B.C.'s front-line health-care workers preparing for a surge of COVID-19 patients have watched their counterparts in other parts of the world make life-or-death decisions to ration care.
It’s not a choice they will have to make alone, if it comes to that here.
The province has provided a decision-making framework around the allocation of scarce resources such as ventilators, “so that no single individual clinician or a health-care worker will have to make those entirely terrible decisions on their own,” Dr. Bonnie Henry, the Provincial Health Officer, explained last week when she announced the plans.
The ethics framework for decision-making does not provide answers on a case-by-case basis, but it lays out what will guide those decisions, if the pandemic drives demand for care beyond the province’s capacity. “Everyone matters equally but not everyone may be treated the same,” it explains.
In a health-care crisis, the delivery of care and services needs to be fair, the document states, but part of that equation is determining who will benefit the most – if there are not enough ventilators to meet demand, for example. “Those who most need and can derive the greatest benefit from resources ought to be offered resources preferentially,” it says. As vividly seen in hospitals in northern Italy, overwhelmed by COVID patients, that can mean that patients with the highest odds of survival will be given ventilation ahead of older or more sickly patients.

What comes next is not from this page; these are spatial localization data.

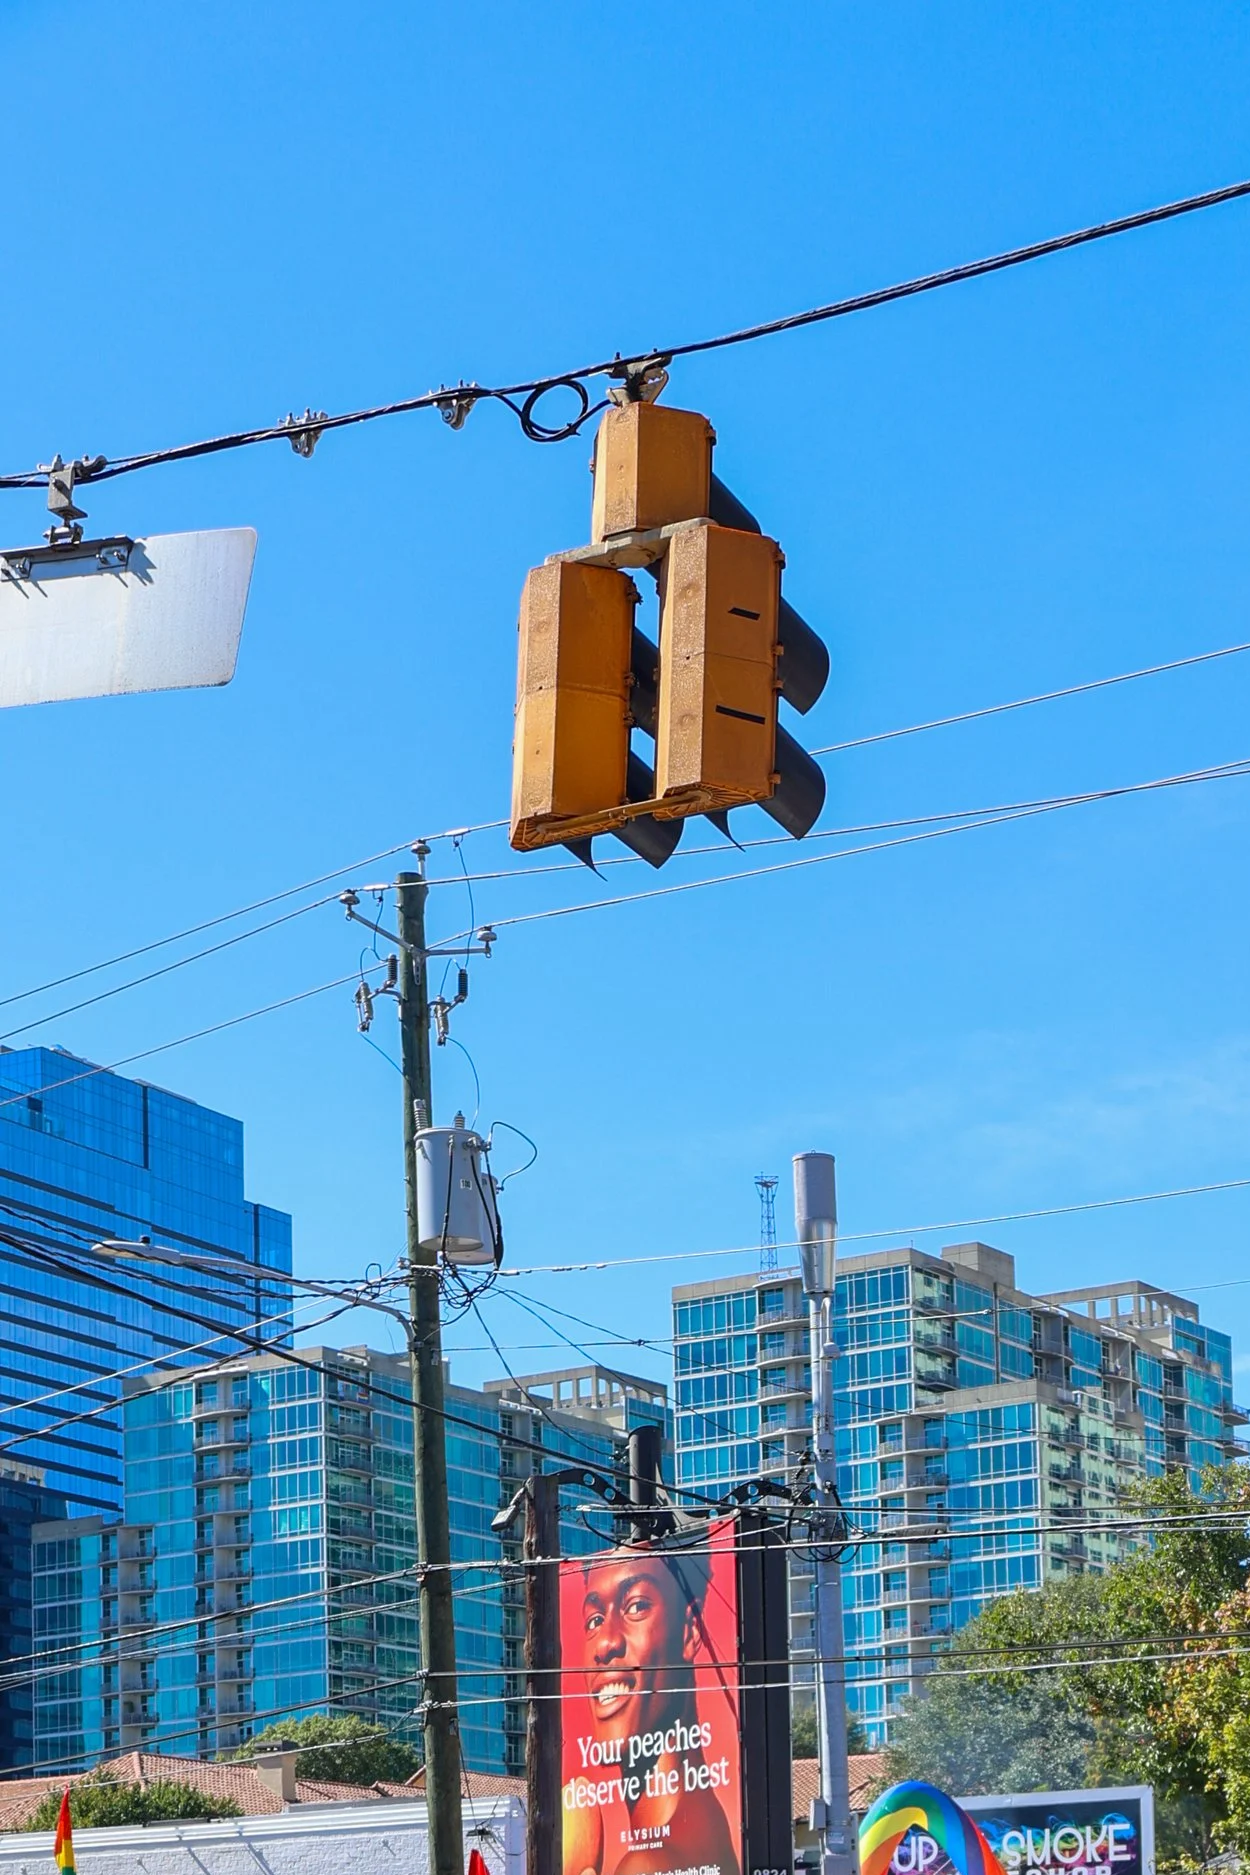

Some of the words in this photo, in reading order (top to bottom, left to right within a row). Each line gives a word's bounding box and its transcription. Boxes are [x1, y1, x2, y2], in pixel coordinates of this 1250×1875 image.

[577, 1736, 625, 1768] Your
[628, 1719, 712, 1768] peaches
[564, 1775, 640, 1810] deserve
[644, 1765, 679, 1798] the
[682, 1756, 730, 1792] best
[620, 1825, 671, 1843] ELYSIUM
[628, 1843, 649, 1852] PRIMARY
[649, 1841, 663, 1849] CARE
[893, 1835, 938, 1872] UP
[1002, 1823, 1131, 1867] SMOKE

“Those guidelines are very, very distressing for all health-care workers,” said Christine Sorensen, president of the BC Nurses’ Union.
“That’s incredibly difficult for a nurse or a doctor to know that we can’t give that same level of care that we have been trained to do,” she said. But individual ethical guidelines between a patient and a caregiver are a different matter than the resource-allocation decisions that may have to be made in a crisis, to best serve the greater population.
In small, regional health facilities in B.C., that’s already a reality, she said.
“We’re seeing these situations already occurring. You know, small sites where nurses are now being told of new procedures on how to make the decision on whether or not that patient gets intubated or not,” she said, referring to the practice of inserting a tube into a patient’s airway so they can be placed on a ventilator to assist with breathing. Most COVID-19 patients who develop critical symptoms require mechanical ventilation.
Eike-Henner Kluge is a leading medical ethicist who established the Canadian Medical Association’s Department of Ethics. Dr. Kluge said B.C.'s ethics framework will ease the challenge facing health-care workers if they are forced to ration care. But it still leaves a crushing weight on their shoulders, because they will have to decide how to apply the guidelines in individual cases. “That’s where the burden really arises and where this is unavoidable, inescapable. And that’s what can lead to burn-out.”
B.C. has also produced duty to care guidelines to deal with another tough issue: The scarcity of personal protective equipment (PPE).
Hospitals across Canada are already rationing PPE because the scale of the pandemic has created global scarcity for masks, gloves and other materials.
How much risk can we ask them to take? Do nurses and doctors and other key health-care workers have to treat patients if they don’t have access to equipment to protect themselves?
Health-care workers “should acknowledge their ethical duty to provide care and understand that this duty remains even when it involves potential exposure to some risk of harm,” the guidelines say.
“However, when an individual health-care worker faces certain and significant harm to their person, such as may be the case in the absence of PPE, that duty may be discharged. This ethical duty is discharged only when the risk of harm to a health-care worker’s person is certain, significant, and cannot be adequately mitigated.”
The province is seeking to ensure that health-care workers have priority access to any PPE it can access now. Dr. Kluge said it is appropriate that we give priority to protecting health-care workers because of the risks they must take to do their job. “When licensed health-care workers enter their profession, they de facto acknowledge this [risk] and accept it," he said.
But we are asking a lot. In return, we have to do everything we can to ensure the health-care system isn’t pushed to the point that nurses and doctors here are forced to make those entirely terrible decisions.